The anxiety makes sense. You’re seeing, too late to do anything about it, that there’s no foundation - no space - for the traditions you expected to pass on. Your kids _can’t_ take your mom’s fine china. So now instead of enjoying what you have you worry about its future.

I see a pattern in these op-eds though - a pattern in what’s left unsaid. There were responsibilities tied to these traditions. You collectively assumed they _would_ be passed along. So collectively, what did you do to ensure those traditions _could_ be passed along?

Op-eds never speak for everyone, but it’s worth acknowledging the pattern in what speech is deemed worth sharing widely.  And in this particular pattern, there’s an answer: that answer looks like “nothing.”

You want the china passed down but your kids have no room in their rentals. You want grandkids but your kids don’t have the financial stability. You want that cross-country RV neverending road trip but you’ve had decades of wanting lower taxes more than you wanted infrastructure.

The bleak outlook for traditions is a direct result of the unmaintained foundations for them. The second best time is always now - if it’s important enough to op-ed about, what are you willing to change to get it back? What will you give up or re-prioritize?

I kinda think that world-defining assumptions are always gonna break without maintenance. So rather than getting mad at whoever’s next for not carrying on the norms we didn’t do upkeep on, when it’s my turn, I hope I’m introspective enough to help instead of externalize & blame.

This.

The bleak outlook for traditions is a direct result of the unmaintained foundations for them. The second best time is always now - if it’s important enough to op-ed about, what are you willing to change to get it back? What will you give up or re-prioritize?

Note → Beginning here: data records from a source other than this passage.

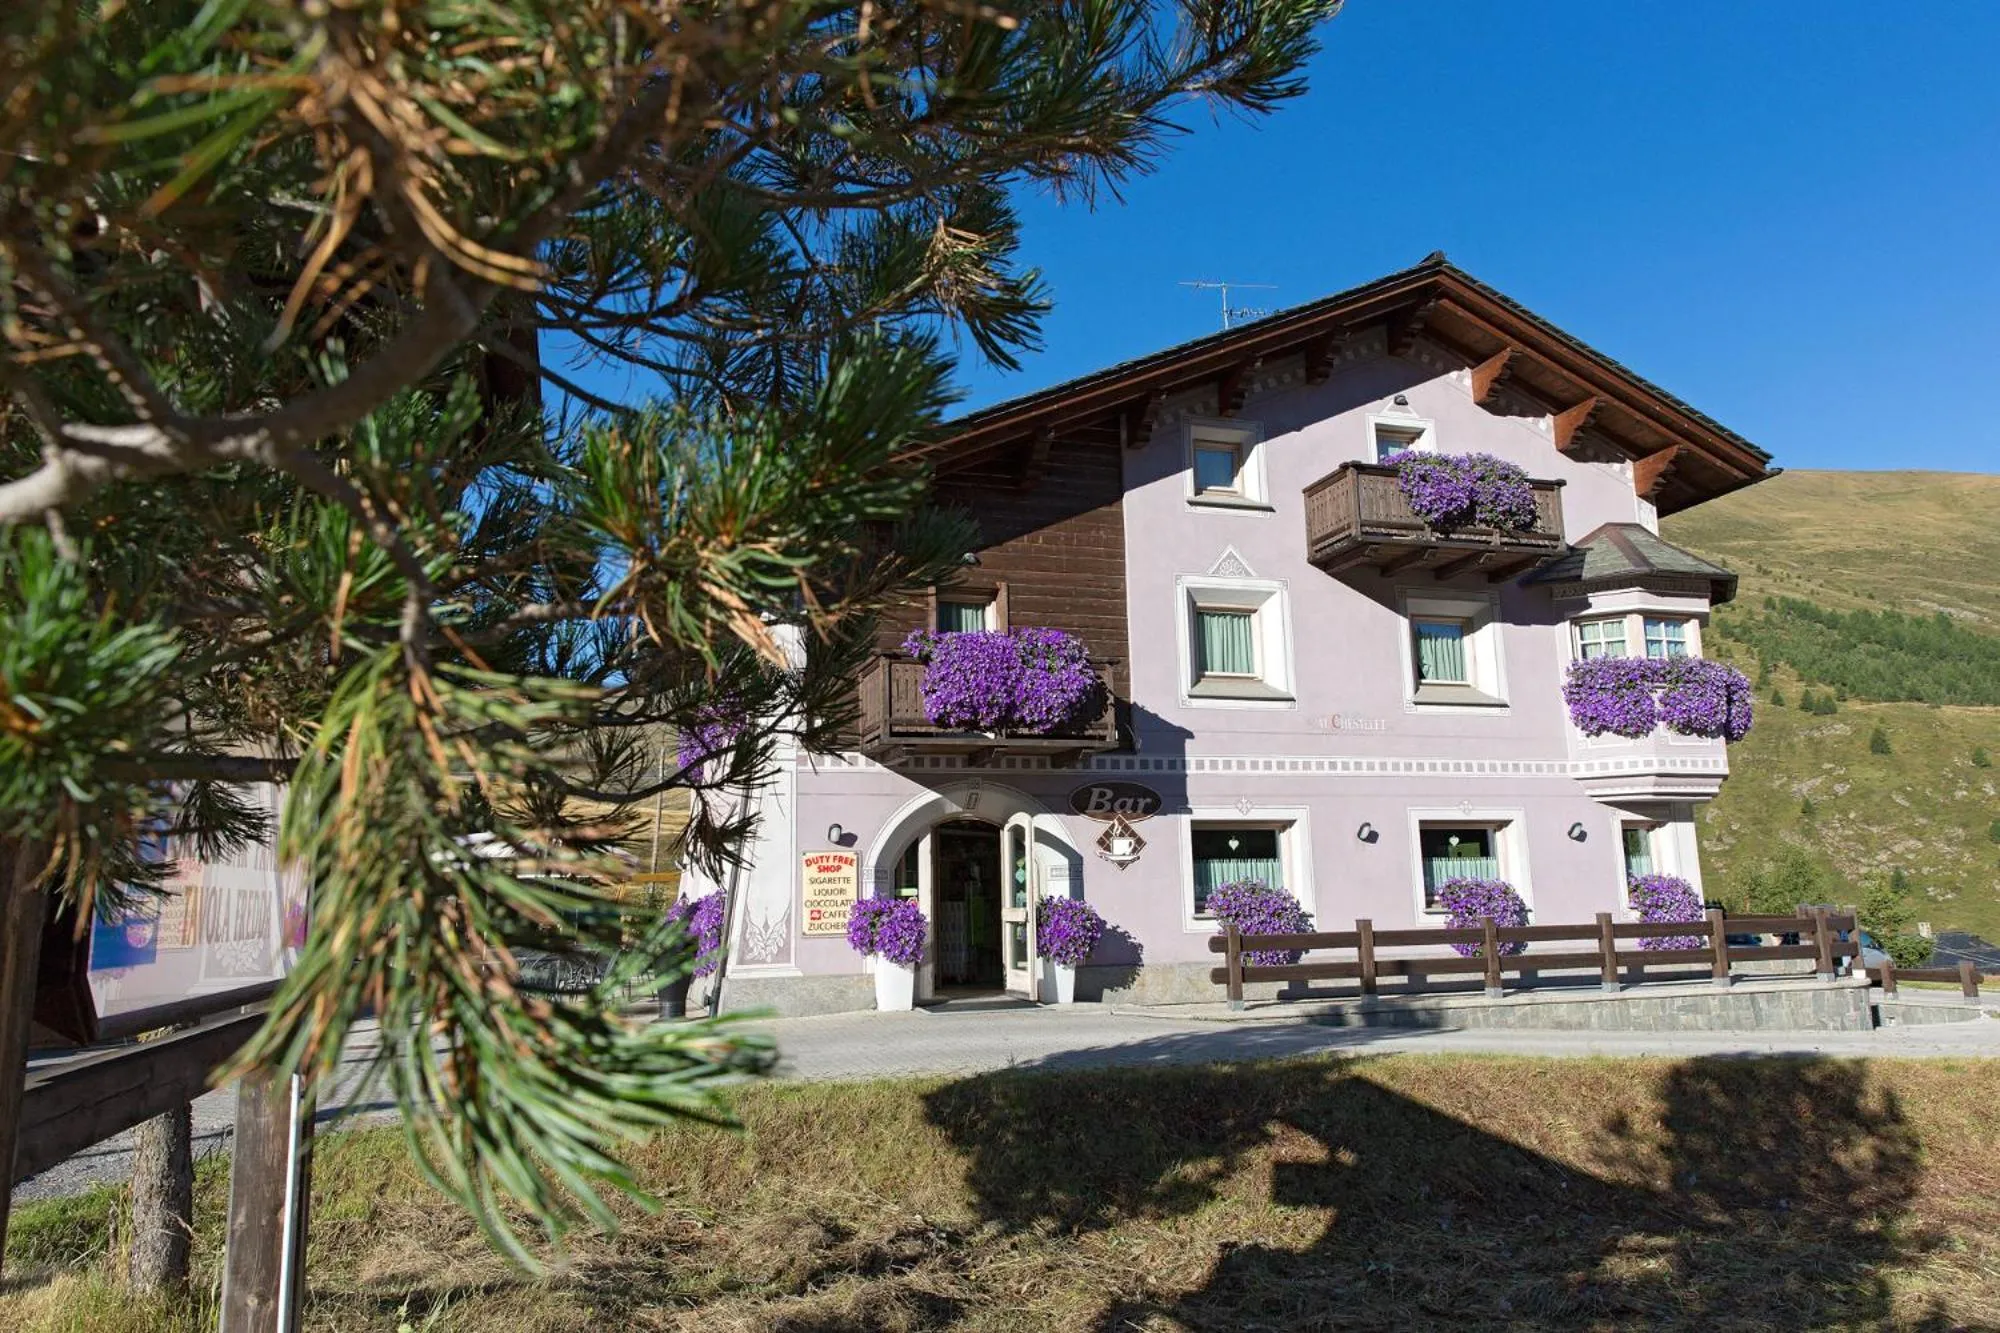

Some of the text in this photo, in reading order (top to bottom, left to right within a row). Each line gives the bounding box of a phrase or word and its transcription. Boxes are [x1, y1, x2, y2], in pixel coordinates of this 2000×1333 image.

[1084, 787, 1153, 814] Bar
[804, 855, 856, 867] DUTY FREE
[817, 864, 842, 873] SHOP
[809, 876, 851, 885] SIGARETTE
[813, 887, 847, 896] LIQUORI
[808, 921, 848, 931] ZUCCHER

I follow a Facebook group of “Memories of …” for my hometown - a rustbelt community that has gone from a thriving hub of industry to a much-less-thriving place.

The group is a collective lament.   Decades-old pictures of well-kept churches.  Aerial shots of the main intersection downtown, lined with big cars.    Scanned advertisemetns from local stores featuring pictures of their interiors.   These alternate with the drumbeat of news:  the Catholic diocese is closing churches.  Selling them.   Tearing them down.   STores downtown are closing.   The traffic light has been replaced with a four-way-stop.

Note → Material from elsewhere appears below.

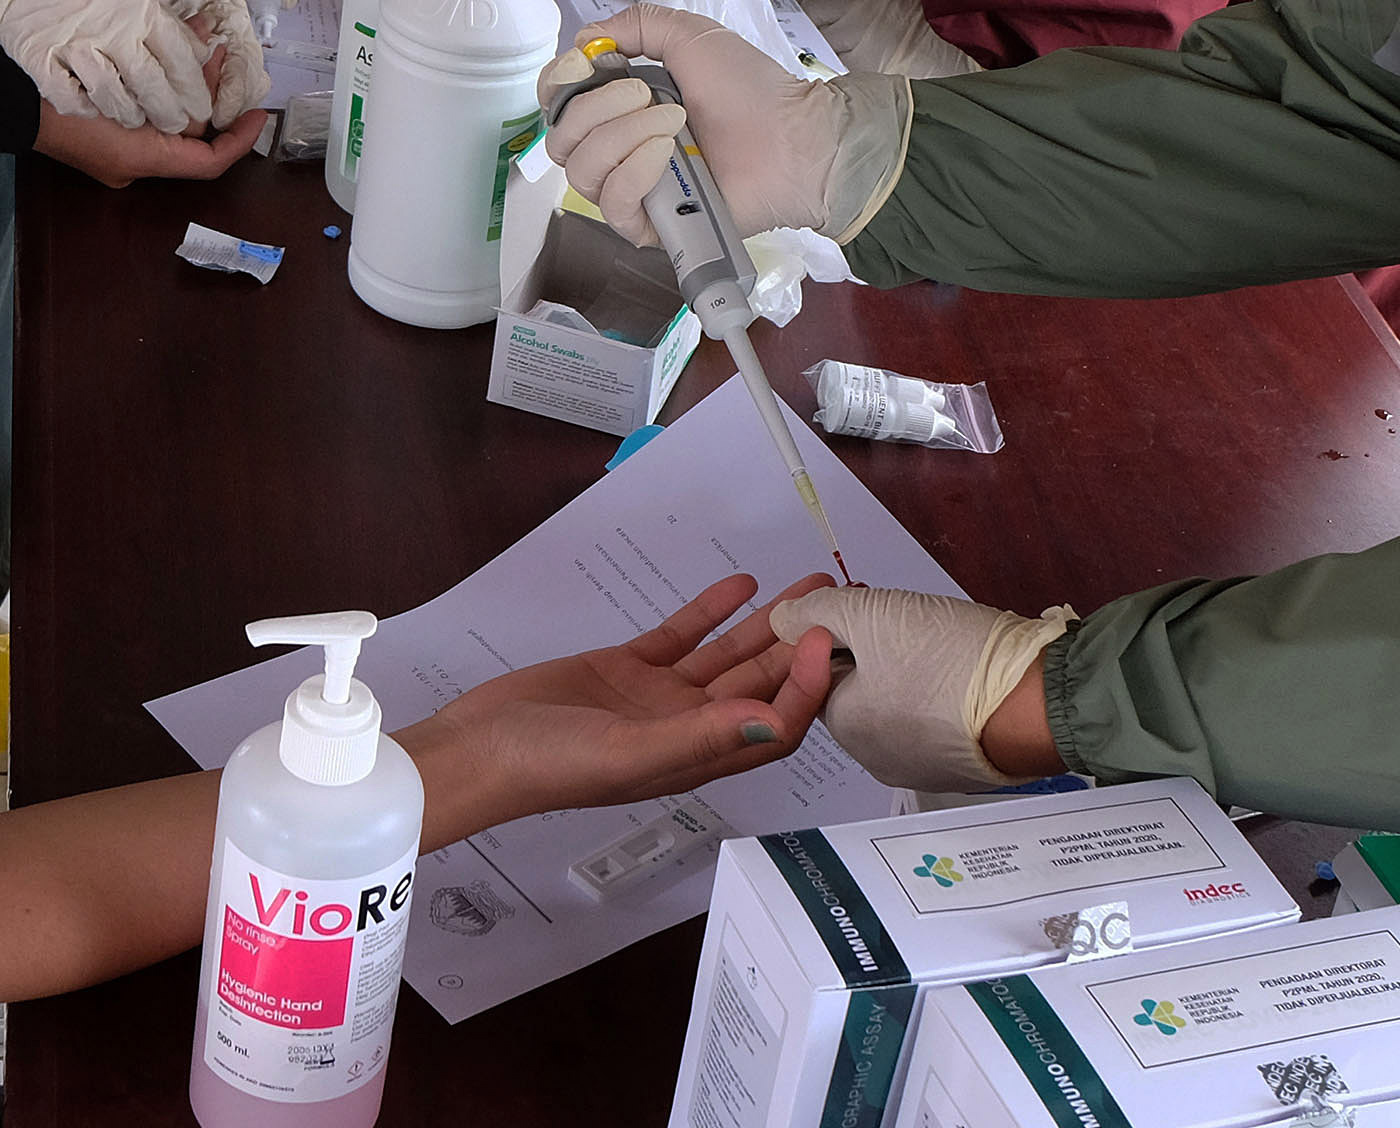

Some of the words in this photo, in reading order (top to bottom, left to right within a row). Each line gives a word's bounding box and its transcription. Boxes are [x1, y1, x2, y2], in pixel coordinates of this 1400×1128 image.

“That’s the church my parents were married in!” “How could they tear down that beautiful building.  Such memories!” “All the businesses are closing.  It must be the taxes.” ”They’ve sold the old lodge downtown.” “They’re not opening the skating rink this year.  We always used to go.”

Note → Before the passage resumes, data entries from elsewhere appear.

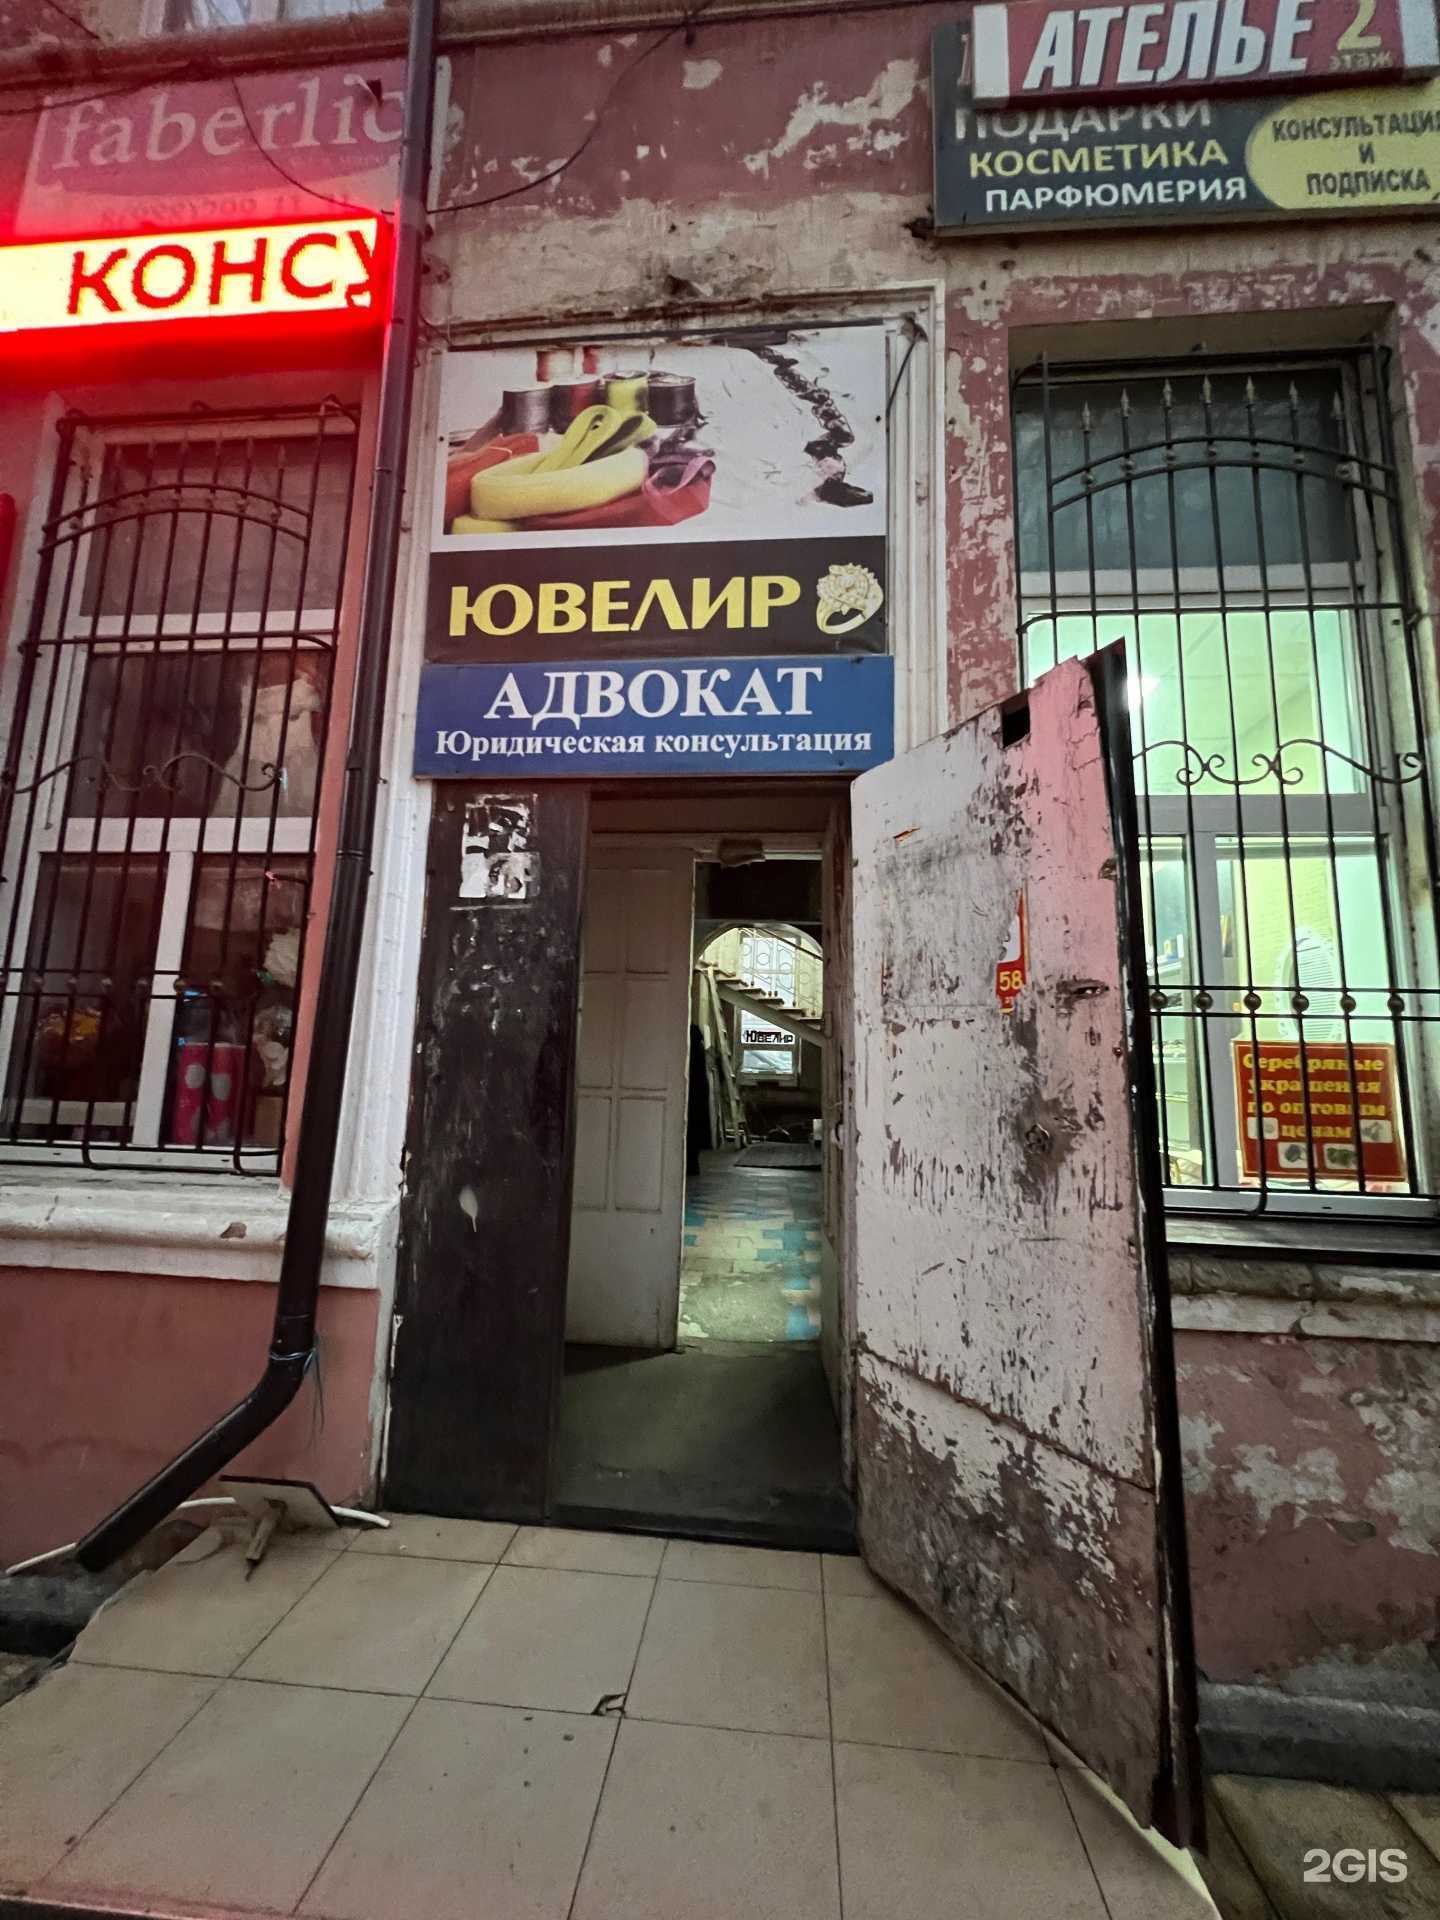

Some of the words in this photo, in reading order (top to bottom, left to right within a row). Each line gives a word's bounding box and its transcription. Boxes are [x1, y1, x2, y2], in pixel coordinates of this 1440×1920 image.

[1022, 0, 1313, 88] АТЕЛЬЕ
[1336, 0, 1382, 50] 2
[969, 139, 1229, 178] КОСМЕТИКА
[1358, 142, 1375, 164] И
[985, 176, 1247, 213] ПАРФЮМЕРИЯ
[1306, 168, 1431, 198] ПОДПИСКА
[448, 575, 801, 637] ЮВЕЛИР
[483, 667, 823, 730] АДВОКАТ
[436, 730, 645, 760] Юридическая
[653, 732, 872, 760] консультация

And sometimes I chime in. 

“Do you attend that church?  Do you give? Or do you just want the building to look pretty for you? “ “Do you volunteer at that park?  Why not?” “Did you vote for that recreation bond issue?” “Are you a member of that Lodge? Why not?” “Do you shop downtown?   Or did you start shopping at Walmart and Amazon to save a few bucks?”

If you feel something is worth preserving, why do you not participate in its preservation?  

Community is not a spectator sport. 

Community is not a spectator sport

I see a lot of people taking a consumer mentality about their communities: it’s something other people produce for you, you are entitled to demand excellent service, etc. The community it’s not only something you need to build as well as enjoy, it’s actually something you GET to build. Maybe that’s through money, maybe it’s through volunteer time, maybe it’s by showing up in communal spaces as your best self, maybe it’s by providing emotional support to people who are doing more of the work to build community. But if we want to be a part of vibrant, meaningful communities, that we need to understand that communities are created by their members not consumed by their members.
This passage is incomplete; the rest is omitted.